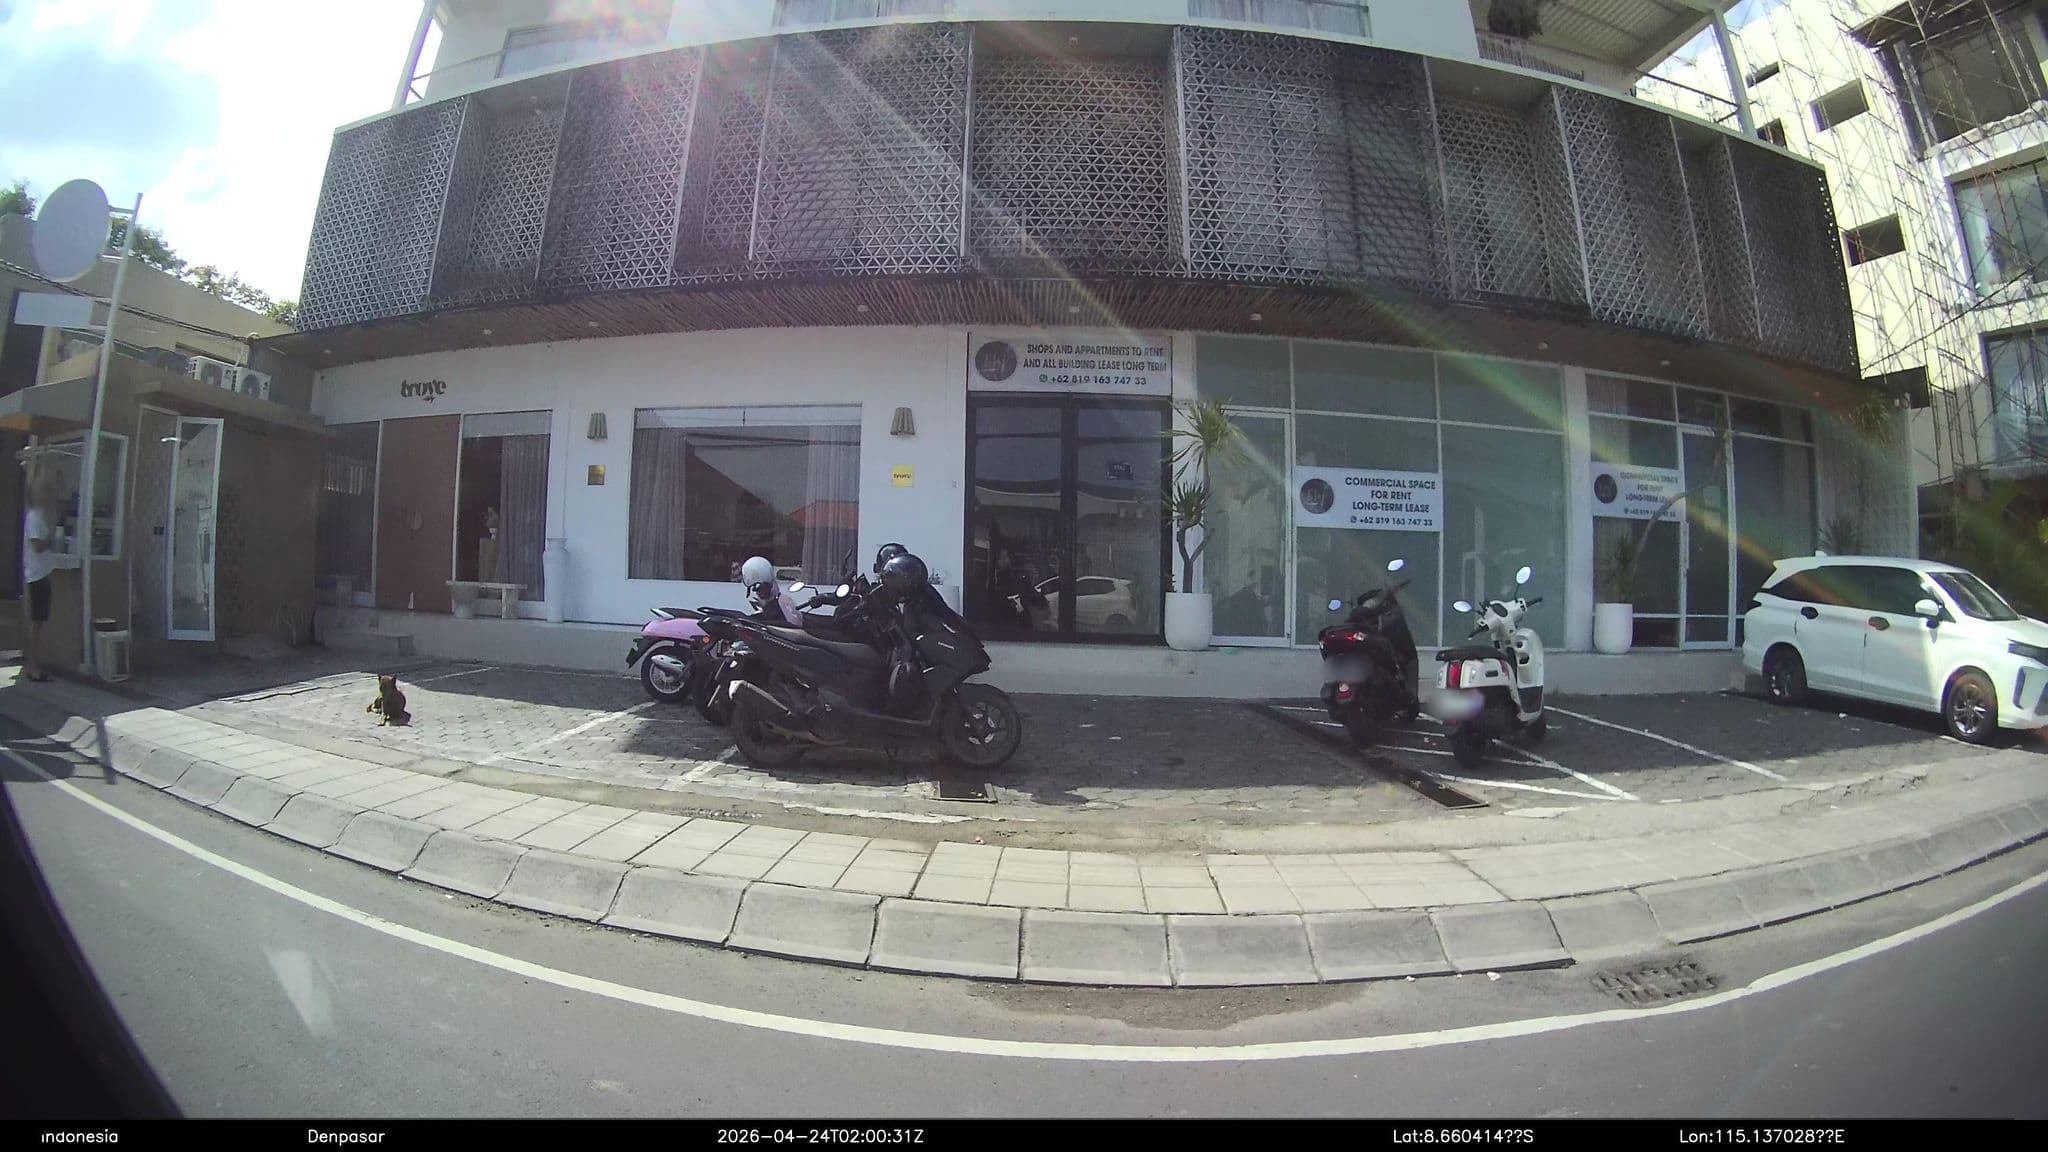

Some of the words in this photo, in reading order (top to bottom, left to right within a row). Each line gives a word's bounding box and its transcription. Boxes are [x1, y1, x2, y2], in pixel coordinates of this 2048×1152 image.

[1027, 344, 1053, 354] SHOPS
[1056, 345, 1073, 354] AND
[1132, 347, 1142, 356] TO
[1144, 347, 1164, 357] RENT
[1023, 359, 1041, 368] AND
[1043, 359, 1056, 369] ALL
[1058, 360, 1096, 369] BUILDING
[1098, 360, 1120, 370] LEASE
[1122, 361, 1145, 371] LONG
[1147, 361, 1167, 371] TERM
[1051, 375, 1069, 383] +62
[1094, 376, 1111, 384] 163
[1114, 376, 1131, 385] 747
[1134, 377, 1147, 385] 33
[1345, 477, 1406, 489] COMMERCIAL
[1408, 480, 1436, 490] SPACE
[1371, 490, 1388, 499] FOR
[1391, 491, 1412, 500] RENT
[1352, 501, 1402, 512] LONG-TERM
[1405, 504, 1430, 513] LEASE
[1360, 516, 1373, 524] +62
* * * * * * *
Could you output the listing word for word, omitting every picture?

Some of the words in this photo, in reading order (top to bottom, left to right within a row). Each line gives a word's bounding box and its transcription. Boxes are [x1, y1, x2, y2], in pixel coordinates of this 2048×1152 image.

[1027, 344, 1053, 354] SHOPS
[1056, 345, 1073, 354] AND
[1132, 347, 1142, 356] TO
[1144, 347, 1164, 357] RENT
[1023, 359, 1041, 368] AND
[1043, 359, 1056, 369] ALL
[1058, 360, 1096, 369] BUILDING
[1098, 360, 1120, 370] LEASE
[1122, 361, 1145, 371] LONG
[1147, 361, 1167, 371] TERM
[1051, 375, 1069, 383] +62
[1094, 376, 1111, 384] 163
[1114, 376, 1131, 385] 747
[1134, 377, 1147, 385] 33
[1345, 477, 1406, 489] COMMERCIAL
[1408, 480, 1436, 490] SPACE
[1371, 490, 1388, 499] FOR
[1391, 491, 1412, 500] RENT
[1352, 501, 1402, 512] LONG-TERM
[1405, 504, 1430, 513] LEASE
[1360, 516, 1373, 524] +62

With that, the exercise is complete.